Warchal strings

December 19, 2012 at 07:29 PM · I'm considering trying Warchal brilliant strings, I've tried many different sets of strings on my violin but nothing beats Peter Infeld strings for me. But the only brand I haven't tried is Warchal, and I'm sort of itching just to find out what they're like.

Where I am, I've never seen or known anyone use them, are they good strings? As a music college student, I can't afford to try all the strings I want! I'm sure many of you feel this pain :P

Also very insterested in the Warchal russian style A... anyone have any info/opinions?

Replies (30)

December 19, 2012 at 09:56 PM · The Karneol sets especially their ver. 2 are excellent for the cost. For around $28 you get a set of violin strings with a lot of warmth and richness in the sound. The initial ones I tried (different color winding for each string at the tailpiece) didn't last very long, maybe a month and a half of playing 4+ hours a day. The newer ones (same color winding at the tailpiece, all strings) have made it about two months and haven't lost too much of their sound.

The viola set is good for the price (~$39), especially for the wound A. The D and G strings are quite good for the middle register, although the C isn't quite as big sounding as Obligato or Larsen.

Overall, the Karneol line offers a very good "bang for the buck." I usually use Obligato, but have been pleasantly surprised at the quality of Warchal's product.

December 19, 2012 at 10:12 PM · I have an older instrument, and the Warchal vintage brilliants (not to be confused with the Warchal brilliants, which are made for newer instruments) have been great.

December 19, 2012 at 10:15 PM · I am testing a hand made 2003 violin with Warchal brilliant strings.
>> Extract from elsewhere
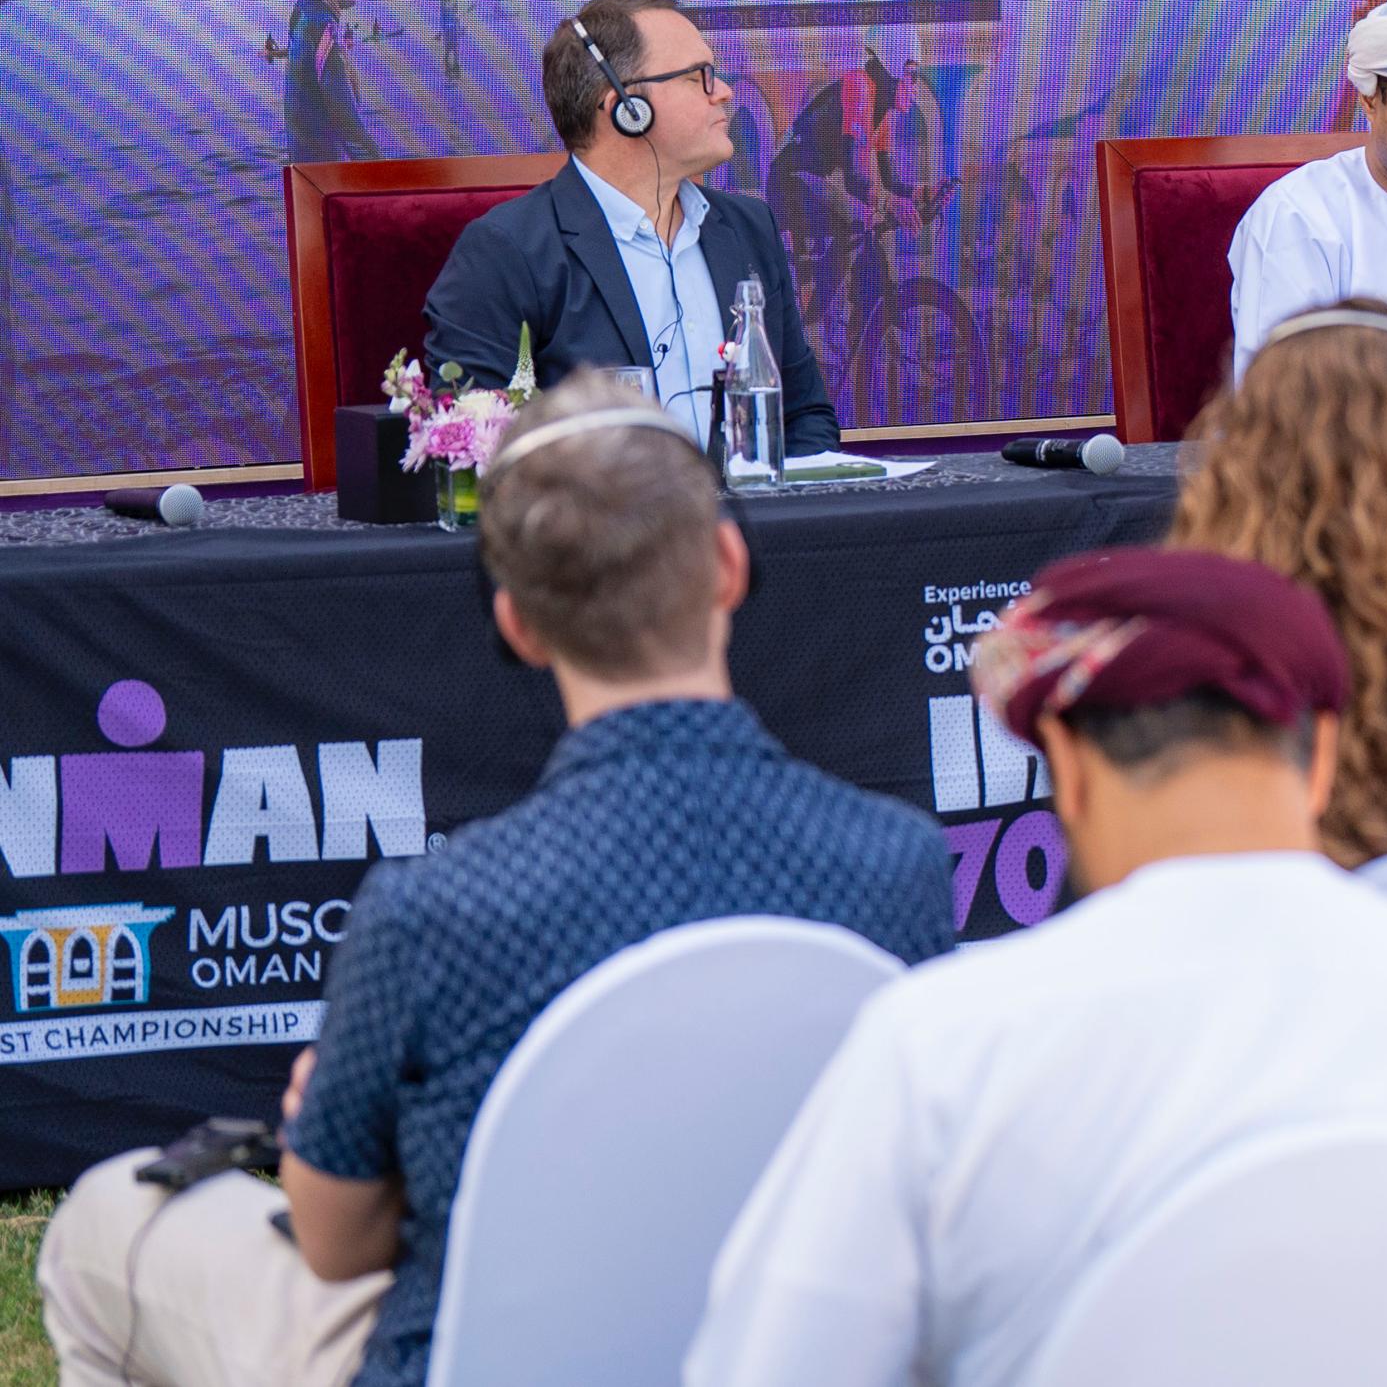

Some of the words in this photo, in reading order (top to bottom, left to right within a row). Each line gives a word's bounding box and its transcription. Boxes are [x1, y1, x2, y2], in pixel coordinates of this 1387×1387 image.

[924, 581, 1032, 604] Experience
[192, 953, 320, 989] OMAN
[45, 1012, 300, 1049] CHAMPIONSHIP
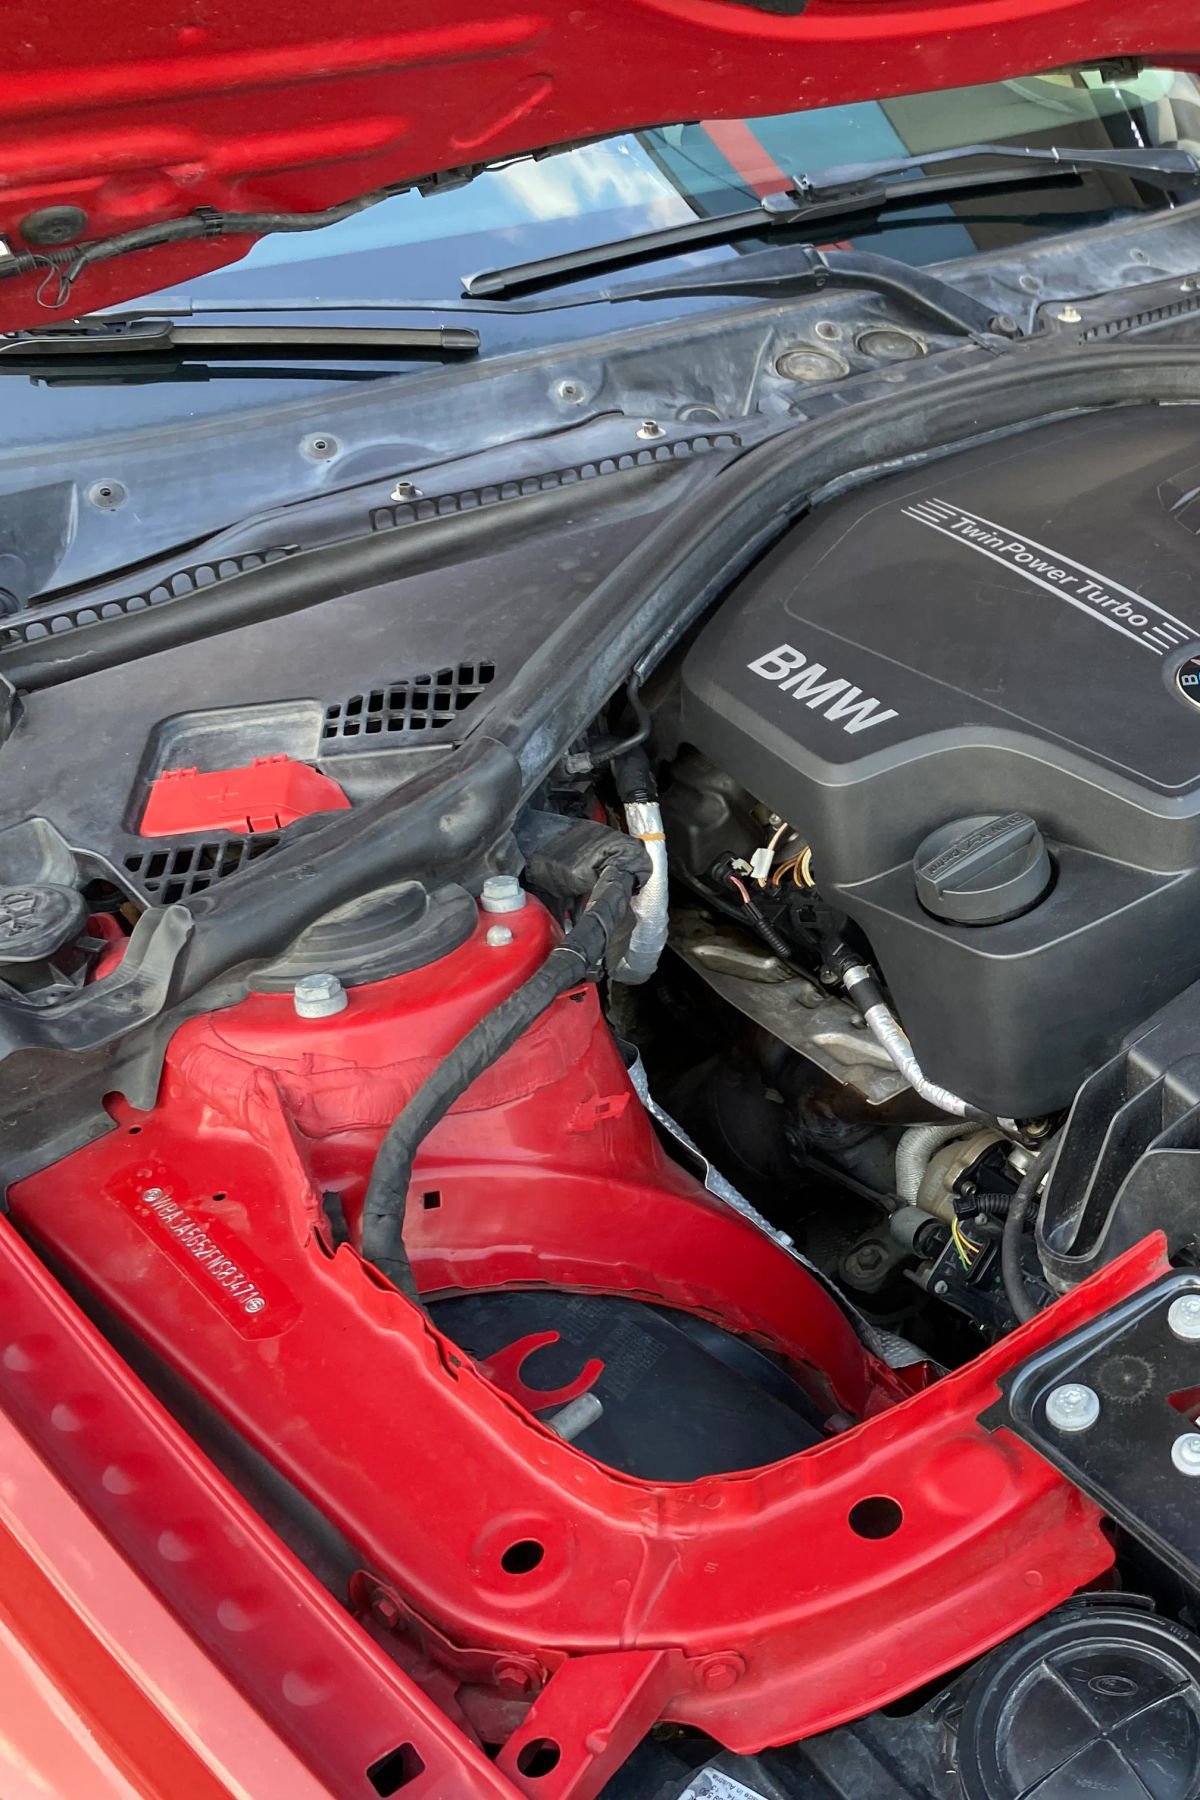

My impression that the instrument lacks response, precision and resonance. Not sure if it is due to the strings or the instrument itself. Since the instrument is not mine, I will not bother to spend $ on another set of strings.

What I dislike about this brand is that they do not provide tension charts. There is explanation on their web-site, but I can not accept that, knowing that Thomastik and other producers happily provide technical data for their strings.

What may attract some violin players on the budget is that the first set is more affordable - comes with a big discount.

December 19, 2012 at 11:55 PM · I've been using the whole set of warchal brilliant (not a vintage one) (D hydronalium), for a week now (first time to try out this set and put it on my violin on 12/12/12).

The sound is kinda warm and also bright, but my violin has a warm tone, so far, i like this set. Especially on G and D. With this set i can control dynamic more, i meant, for instance, if i play forte, i only need a little of bow pressure. I find this set match with my violin because so far, there was something i didnt like from the previous strings sets i have used (for example dominant D, and larsen tzigane set was only good for the first one-two weeks -- but i like tzigane E).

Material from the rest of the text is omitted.